Sorry, old Cheech And Chong bit there....lol


----------



## TooledUp (May 17, 2008)

This space is reserved for professional spammers. It's pretty obvious that you're DIYer at the moment as you didn't even place a link.

If you want to be a spammer then read this. That will give you a starter. Maybe you should start off with some emails and work your way up from there. Get yourself the right tools for the job. There's plenty of automated tools nowdays that do the job for you. You can cover more area per gallon than using the old fashioned methods. At least make yourself look like a professional.

N00bs


----------



## mbauer6 (Feb 16, 2009)

*Umm thanks its no spam*

The website is _spam_http://www.speedyestimating.com. Take a look at it. And know I'm not a DIYer self yr but thanks for asking. Its an excel based software that we created, and our company wants contractors to check it out


----------



## mbauer6 (Feb 16, 2009)

You have to be carefull about what you say on here or they just kick you off.. I'm not here for marketing because I want to talk about other things. But I do want contractors to try it so I can see how people like it. Thank you for just jumping to conclusions before getting your information straight.


----------



## TooledUp (May 17, 2008)

mbauer6 said:


> The website is SPAM Take a look at it. And know I'm not a DIYer self yr but thanks for asking. Its an excel based software that we created, and our company wants contractors to check it out


Hehe - Yup a DIY spammer :thumbsup:


----------



## TooledUp (May 17, 2008)

mbauer6 said:


> You have to be carefull about what you say on here or they just kick you off.. I'm not here for marketing because I want to talk about other things. But I do want contractors to try it so I can see how people like it. Thank you for just jumping to conclusions before getting your information straight.

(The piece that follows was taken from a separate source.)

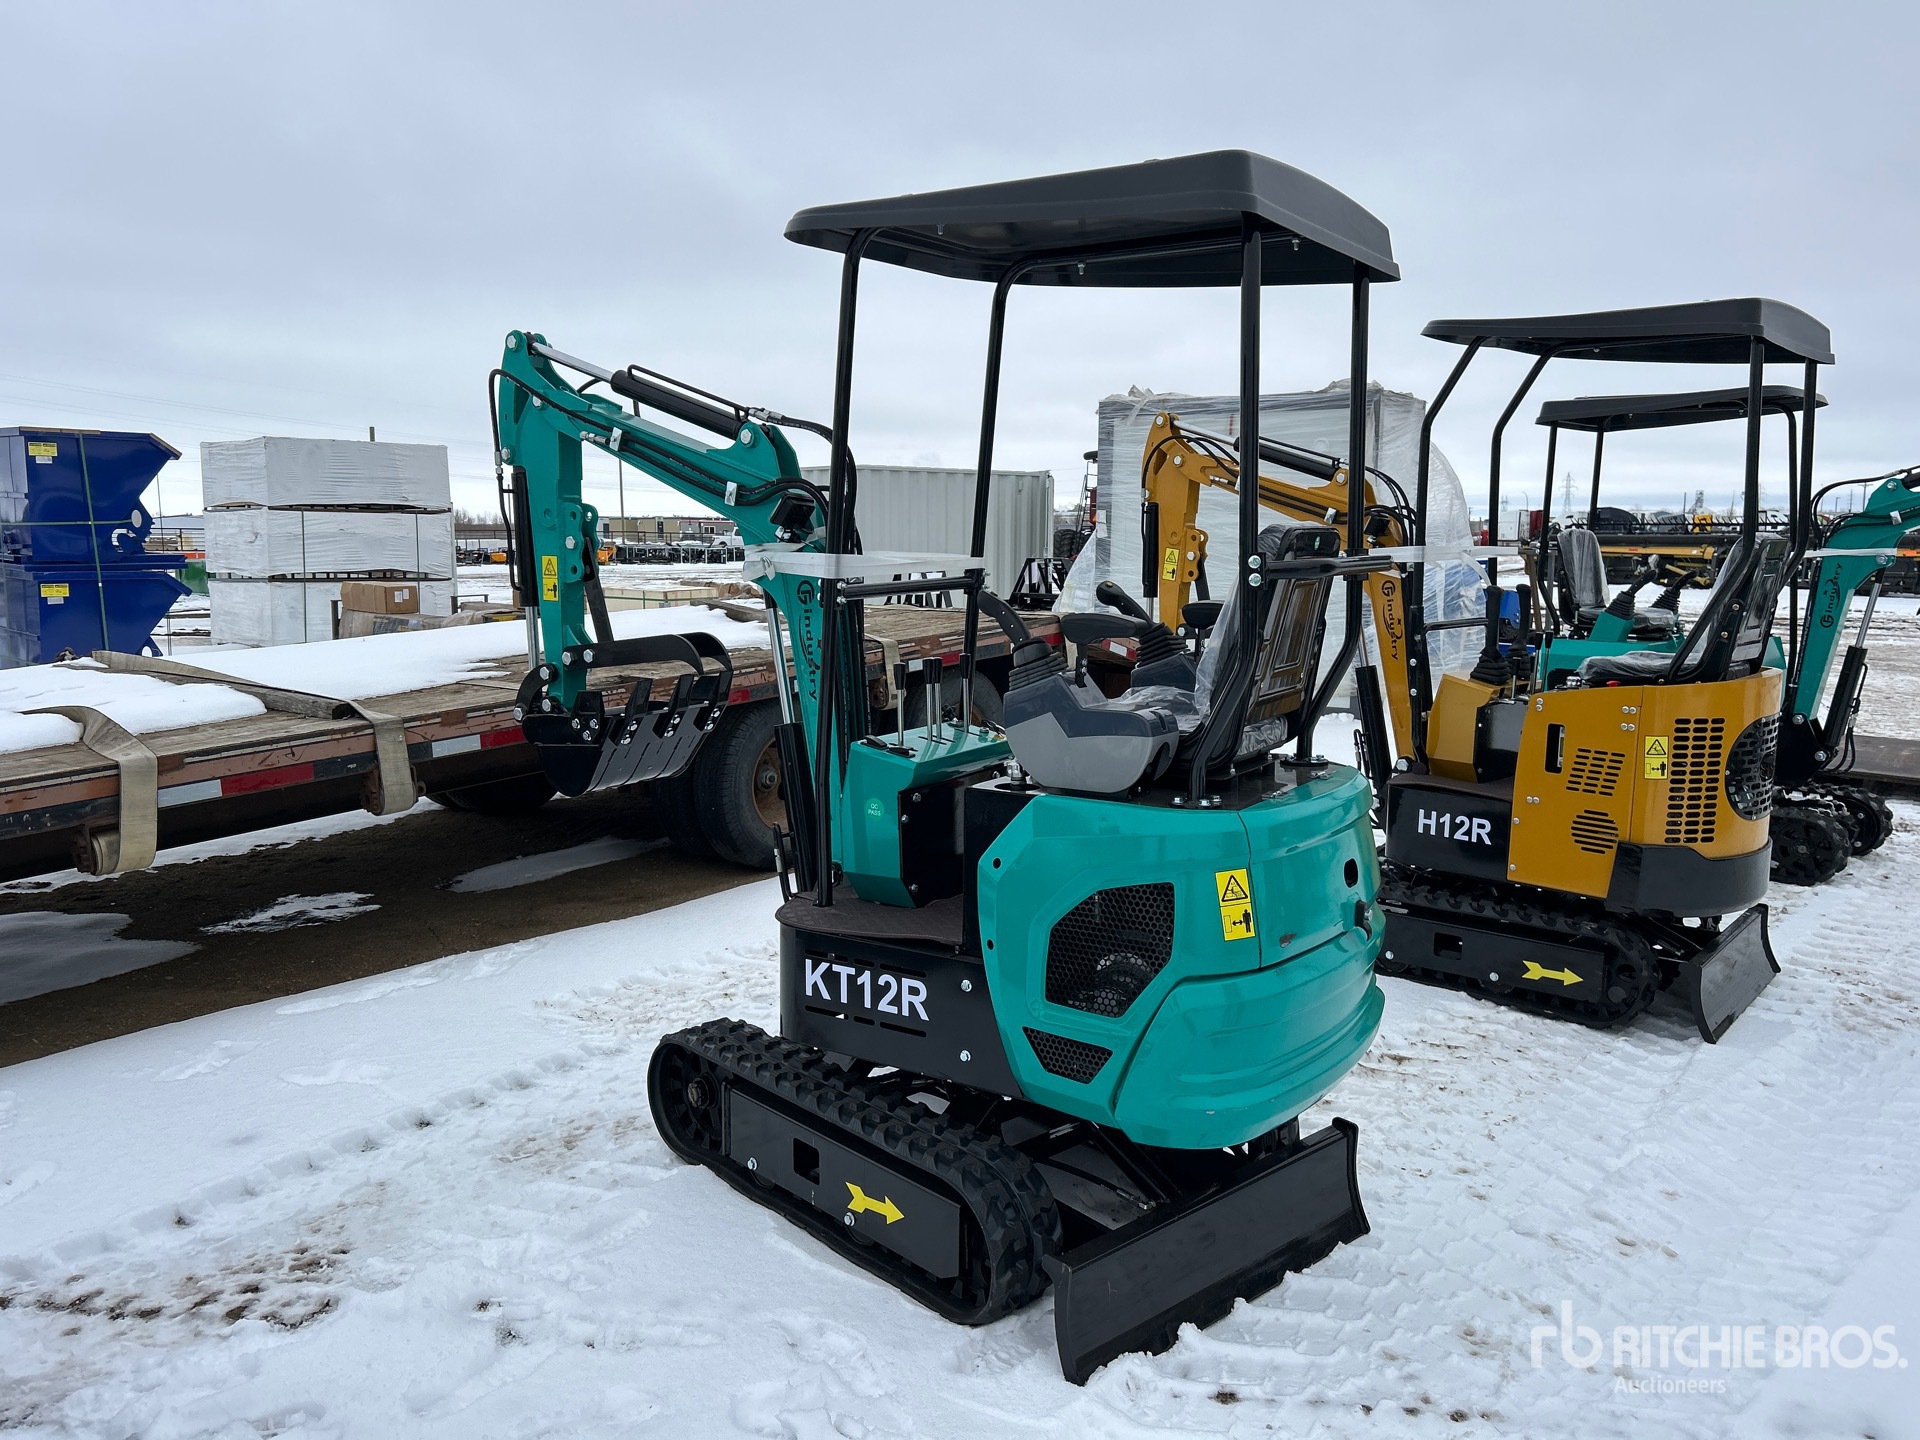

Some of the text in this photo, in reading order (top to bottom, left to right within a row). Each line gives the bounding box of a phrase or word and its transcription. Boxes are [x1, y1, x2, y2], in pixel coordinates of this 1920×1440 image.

[867, 809, 881, 817] PASS
[1418, 808, 1492, 845] H12R
[805, 958, 930, 1021] KT12R

If you want to advertize then you have to contact the site owner. He charges for that sort of thing you know... lol


----------



## NEPS.US (Feb 6, 2008)

$149 for a basic spreadsheet program ??????? Sorry pal, no thanks. Go pedal that stuff to some DIY'ers


----------



## slickshift (Apr 8, 2007)

mbauer6 said:


> The website is _spam_. Take a look at it. And know I'm not a DIYer self yr but thanks for asking. Its an excel based software that we created, and our company wants contractors to check it out


That's what I was waiting for...


Buh-Bye!!!


----------



## NEPS.US (Feb 6, 2008)

ibl!!!!!


----------



## slickshift (Apr 8, 2007)

Dang...I forget the combo for this thang


----------



## TooledUp (May 17, 2008)

slickshift said:


> Dang...I forget the combo for this thang


Amatuers...


----------



## NEPS.US (Feb 6, 2008)

time off has made slick soft


----------



## slickshift (Apr 8, 2007)

Lemme try another one...with a key


Howsabout....THIS!


----------



## slickshift (Apr 8, 2007)

(ow...that one actually hurt)


----------



## daArch (Mar 15, 2008)

slickshift said:


> (ow...that one actually hurt)


Sorry I had to temporarily jimmy the lock just to say


----------



## slickshift (Apr 8, 2007)

daArch said:


> Sorry I had to temporarily jimmy the lock just to say...

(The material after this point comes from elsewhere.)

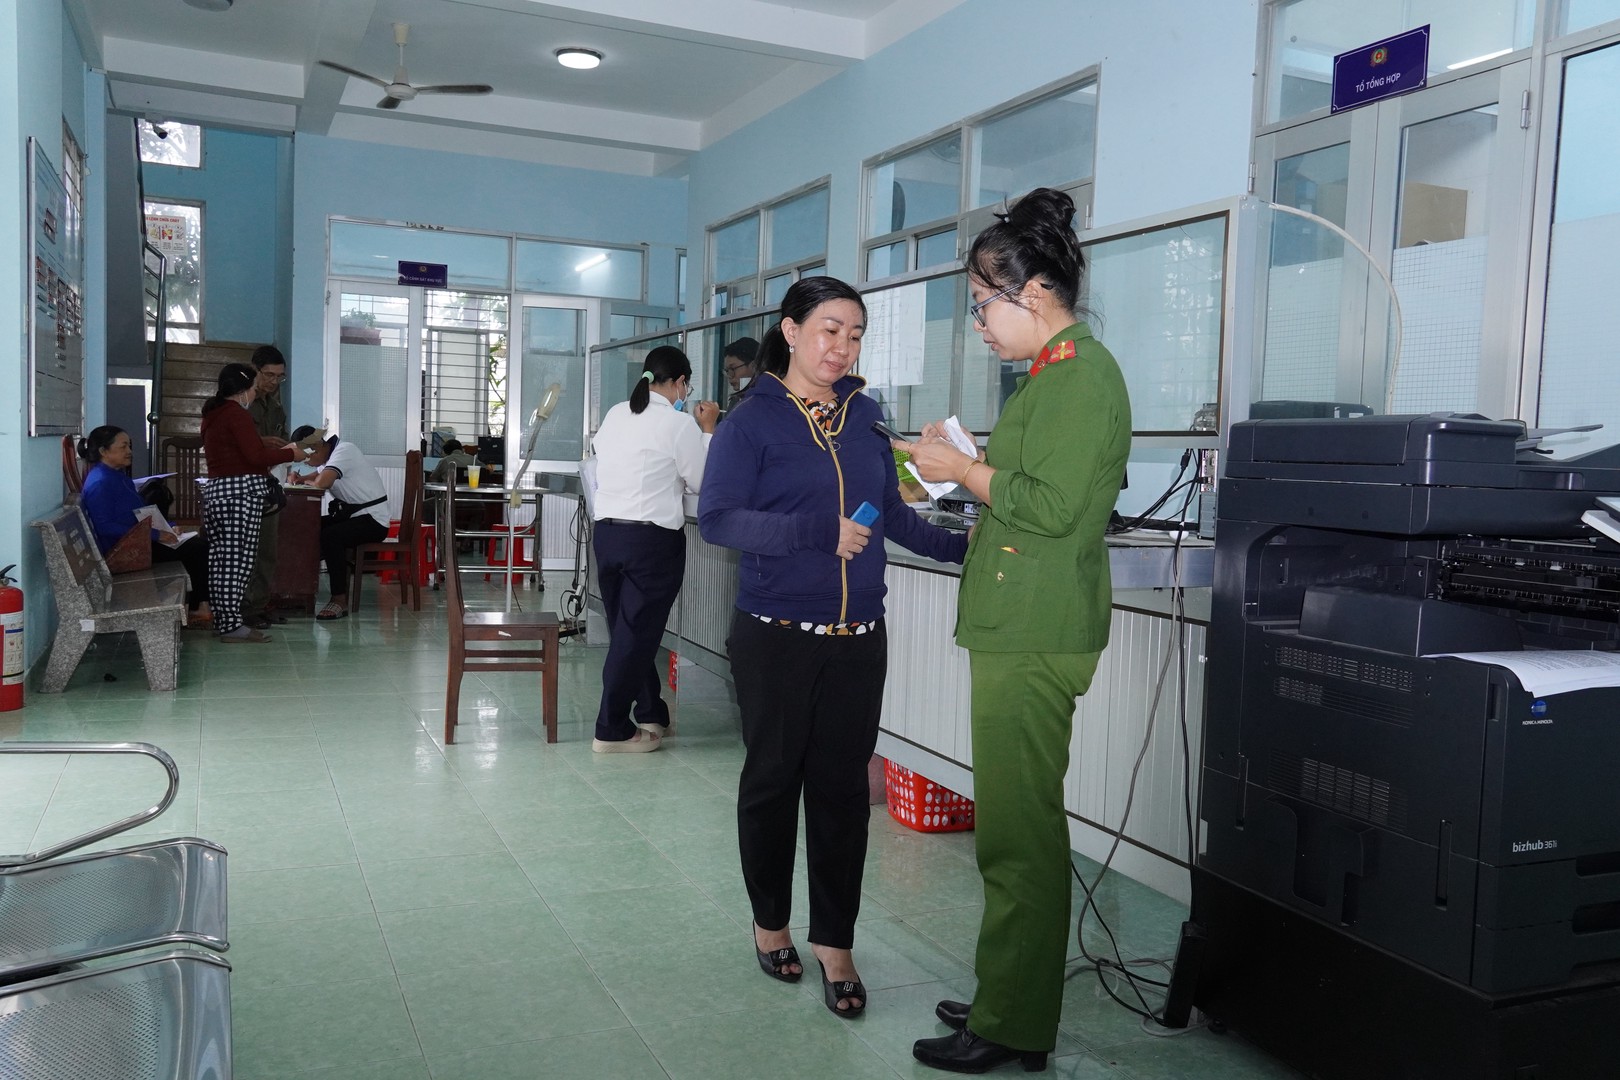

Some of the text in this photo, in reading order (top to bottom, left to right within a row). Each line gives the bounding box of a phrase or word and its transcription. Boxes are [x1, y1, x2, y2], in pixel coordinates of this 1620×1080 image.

[1355, 72, 1401, 93] TỔ TỔNG HỢP
[1512, 839, 1544, 853] bizhub

You bstrd...that freekin hurt...


----------



## slickshift (Apr 8, 2007)

(lol btw)


----------



## Workaholic (Apr 17, 2007)

Is it locked, is it not locked? I need this over priced software dang it.


----------



## slickshift (Apr 8, 2007)

*What A Great Lock*

...dang, even re-opening that sucker (The Big Lock) to post _this_ stuff wasn't easy
I'm gonna be sore tomorrow
Don't now how you did it there D' 
(D'Arch = AKA: Old Guy)


----------



## daArch (Mar 15, 2008)

Workaholic said:


> Is it locked, is it not locked? I need this over priced software dang it.


JEEPERS, Slick forgot to lock the door on his way out.


----------



## slickshift (Apr 8, 2007)

Workaholic said:


> I need this over priced software dang it.


Well, my friend, after some PayPal transfers are complete....I may have some answers for you


----------



## slickshift (Apr 8, 2007)

daArch said:


> Slick forgot to lock the door on his way out.


I only lock on my way in my friend


----------